MATERIAL SUPPLIED Start Marker

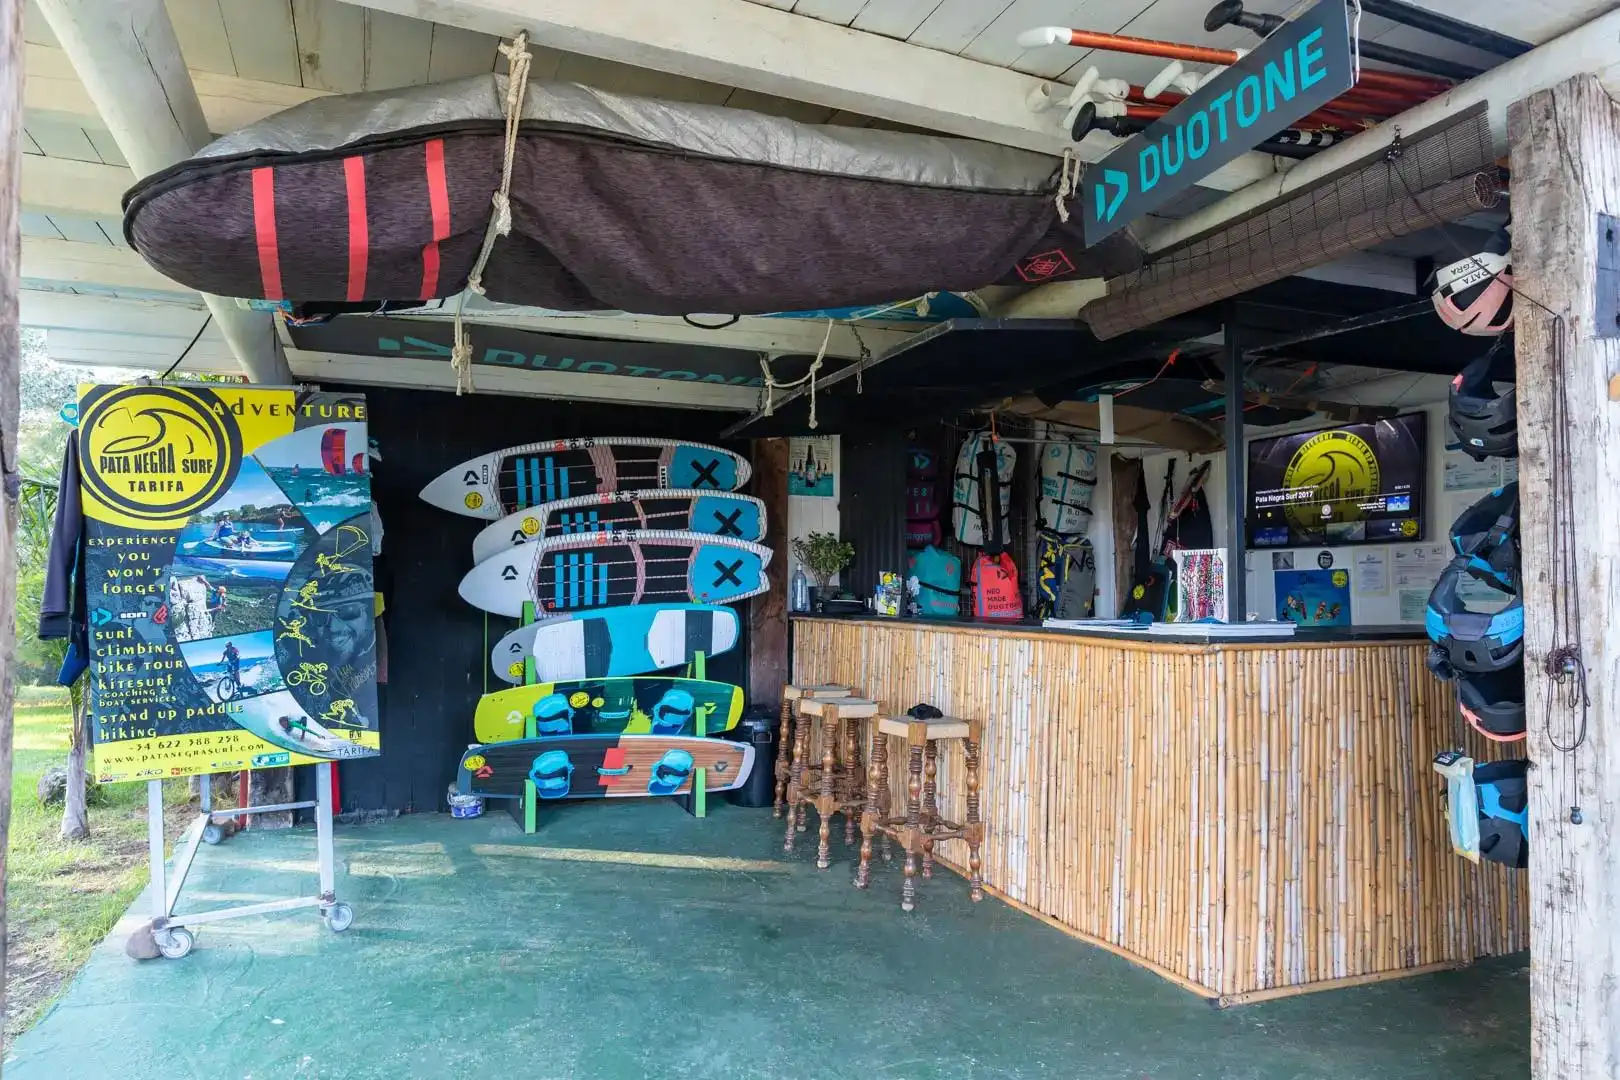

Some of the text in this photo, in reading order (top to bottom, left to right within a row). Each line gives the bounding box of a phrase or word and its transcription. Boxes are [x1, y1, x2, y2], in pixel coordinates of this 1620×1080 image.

[1139, 26, 1327, 193] DUOTONE
[100, 443, 213, 474] PATA NEGRA SURF
[128, 481, 184, 492] TARIFA
[1255, 490, 1313, 503] Pata Negra Surf 2017
[158, 740, 181, 750] 622
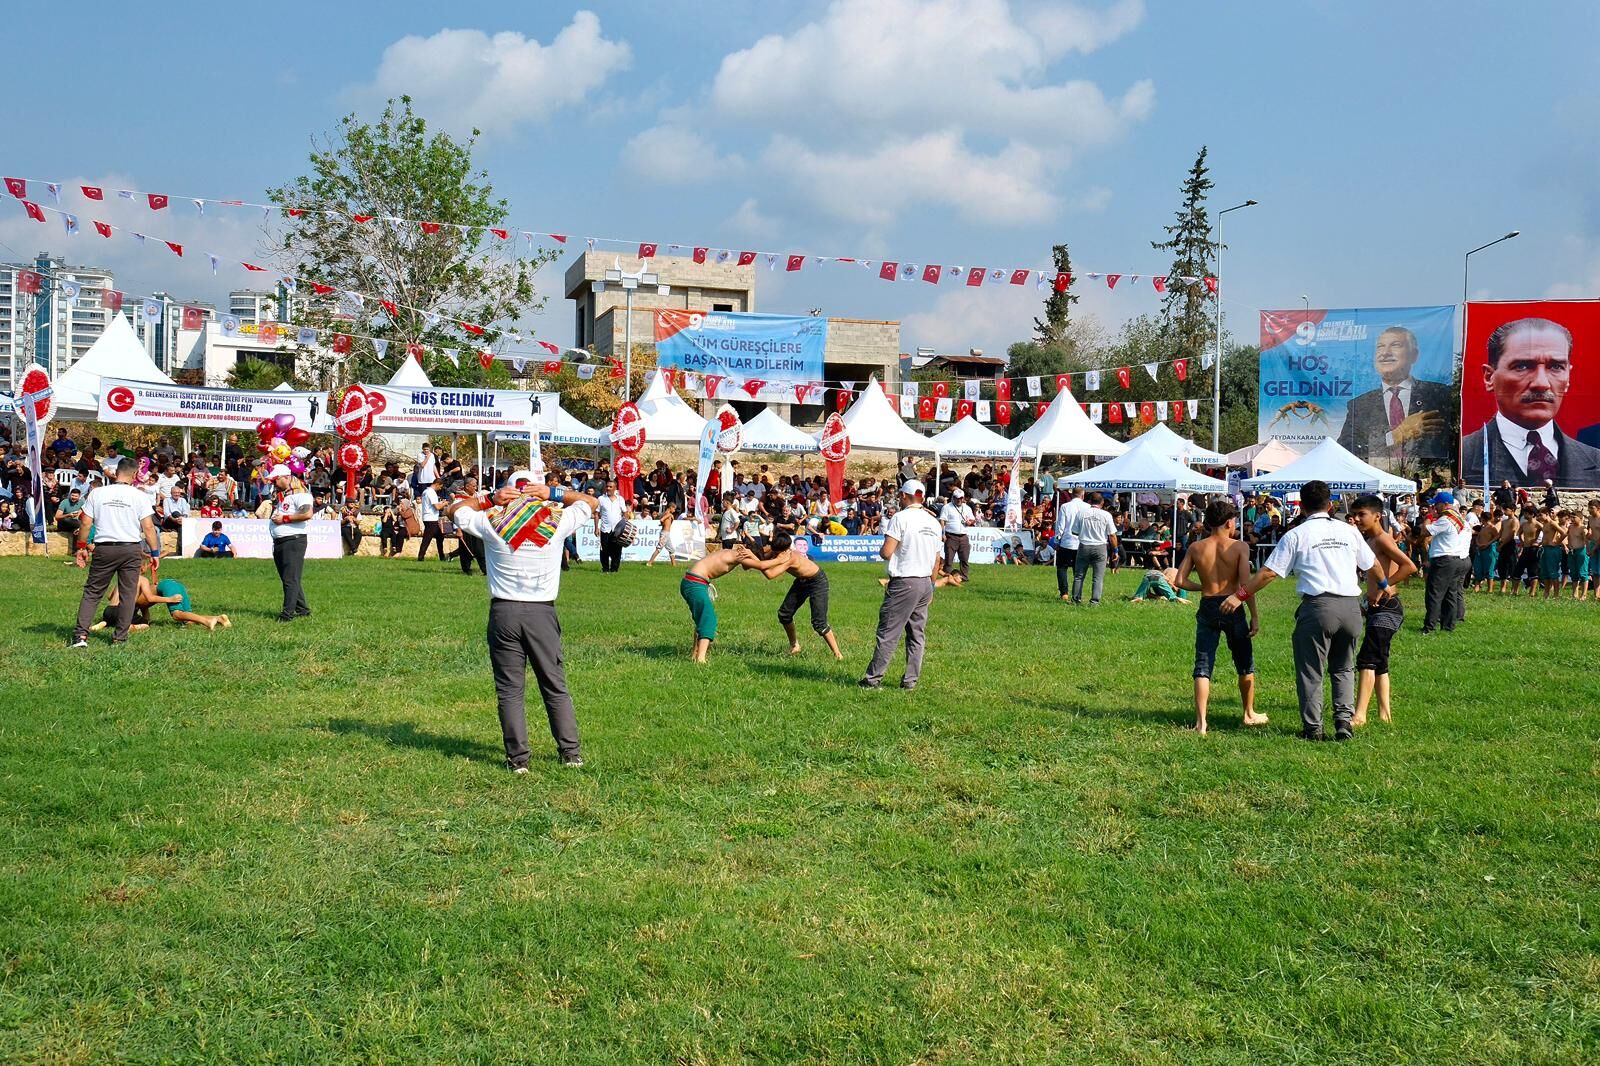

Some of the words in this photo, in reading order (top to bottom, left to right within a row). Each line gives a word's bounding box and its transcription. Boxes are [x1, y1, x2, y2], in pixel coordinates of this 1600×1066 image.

[720, 337, 802, 356] GÜREŞÇİLERE
[684, 353, 753, 369] BAŞARILAR
[755, 356, 804, 372] DİLERİM
[1288, 355, 1329, 375] HOŞ
[1263, 376, 1353, 396] GELDİNİZ
[146, 391, 178, 399] GELENEKSEL
[241, 396, 292, 406] PEHLİVANLARIMIZA
[411, 391, 438, 408] HOŞ
[441, 391, 495, 408] GELDİNİZ
[180, 400, 224, 411] BAŞARILAR
[225, 402, 253, 413] DİLERİZ
[409, 408, 441, 416] GELENEKSEL
[460, 409, 472, 417] ATLI
[473, 409, 502, 418] GÜREŞLERİ
[553, 435, 601, 444] BELEDİYESİ
[1084, 481, 1113, 489] KOZAN
[1116, 481, 1166, 489] BELEDİYESİ
[582, 525, 594, 534] Tü
[822, 545, 868, 553] BAŞARILAR
[970, 543, 1001, 553] ilerim
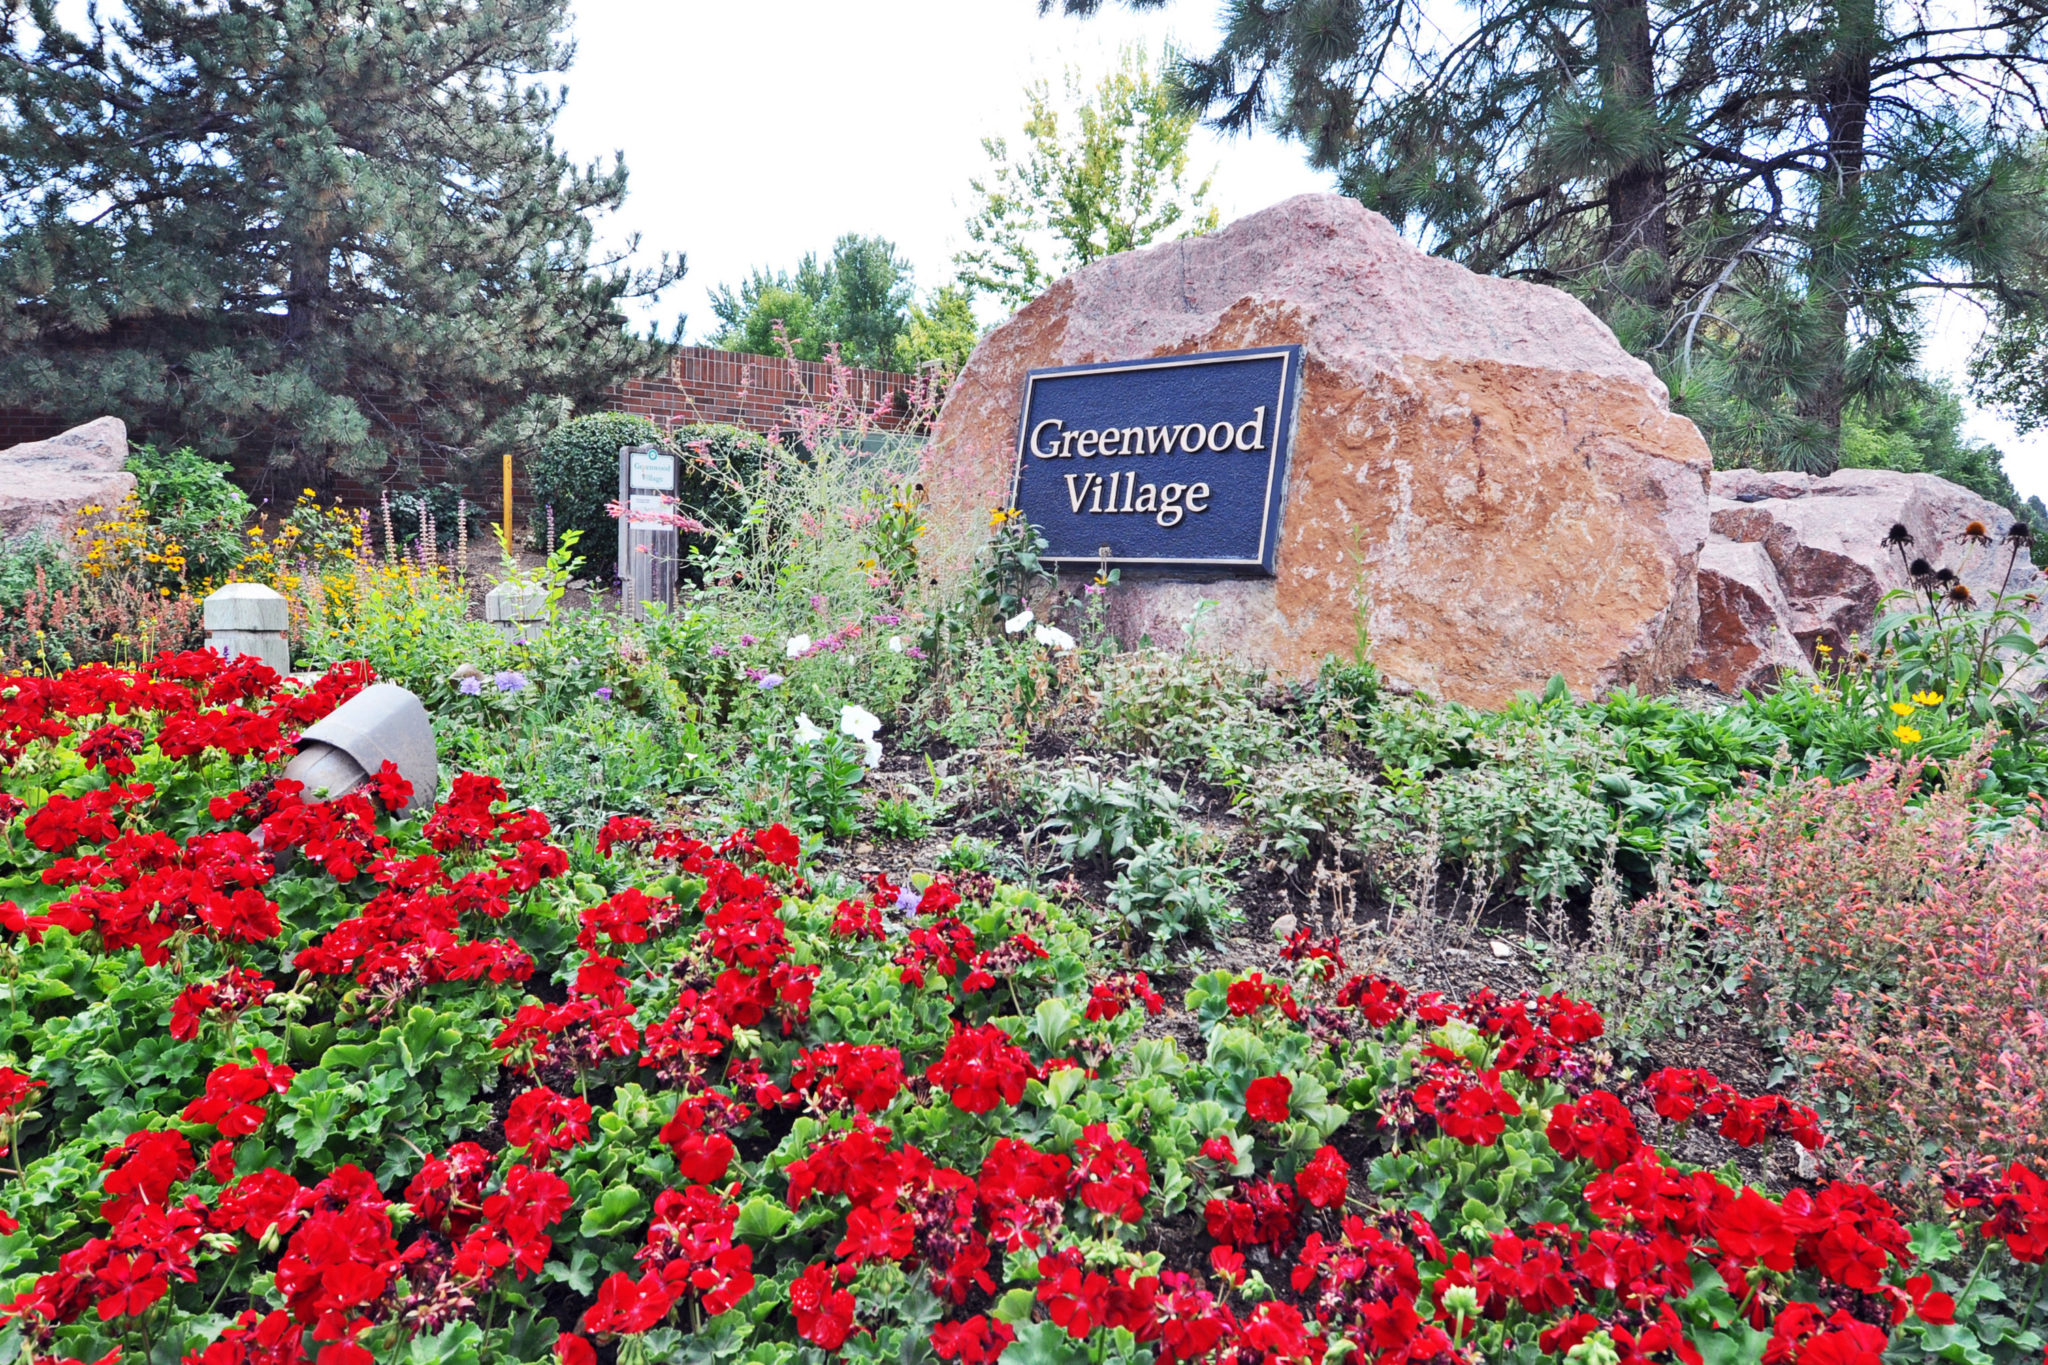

MATERIAL SUPPLIED End Marker

### [TASK OBJECTIVE]
Return, exactly and without extra lines, everything from the line with "Some of the words" through the last line of the material above, both included. Pictures must be dropped.

### [TASK RESPONSE]
Some of the words in this photo, in reading order (top to bottom, left to right within a row). Each line gives a word's bounding box and its transcription. Boxes are [x1, y1, x2, y2], in pixel coordinates of this 1600×1066 image.

[720, 337, 802, 356] GÜREŞÇİLERE
[684, 353, 753, 369] BAŞARILAR
[755, 356, 804, 372] DİLERİM
[1288, 355, 1329, 375] HOŞ
[1263, 376, 1353, 396] GELDİNİZ
[146, 391, 178, 399] GELENEKSEL
[241, 396, 292, 406] PEHLİVANLARIMIZA
[411, 391, 438, 408] HOŞ
[441, 391, 495, 408] GELDİNİZ
[180, 400, 224, 411] BAŞARILAR
[225, 402, 253, 413] DİLERİZ
[409, 408, 441, 416] GELENEKSEL
[460, 409, 472, 417] ATLI
[473, 409, 502, 418] GÜREŞLERİ
[553, 435, 601, 444] BELEDİYESİ
[1084, 481, 1113, 489] KOZAN
[1116, 481, 1166, 489] BELEDİYESİ
[582, 525, 594, 534] Tü
[822, 545, 868, 553] BAŞARILAR
[970, 543, 1001, 553] ilerim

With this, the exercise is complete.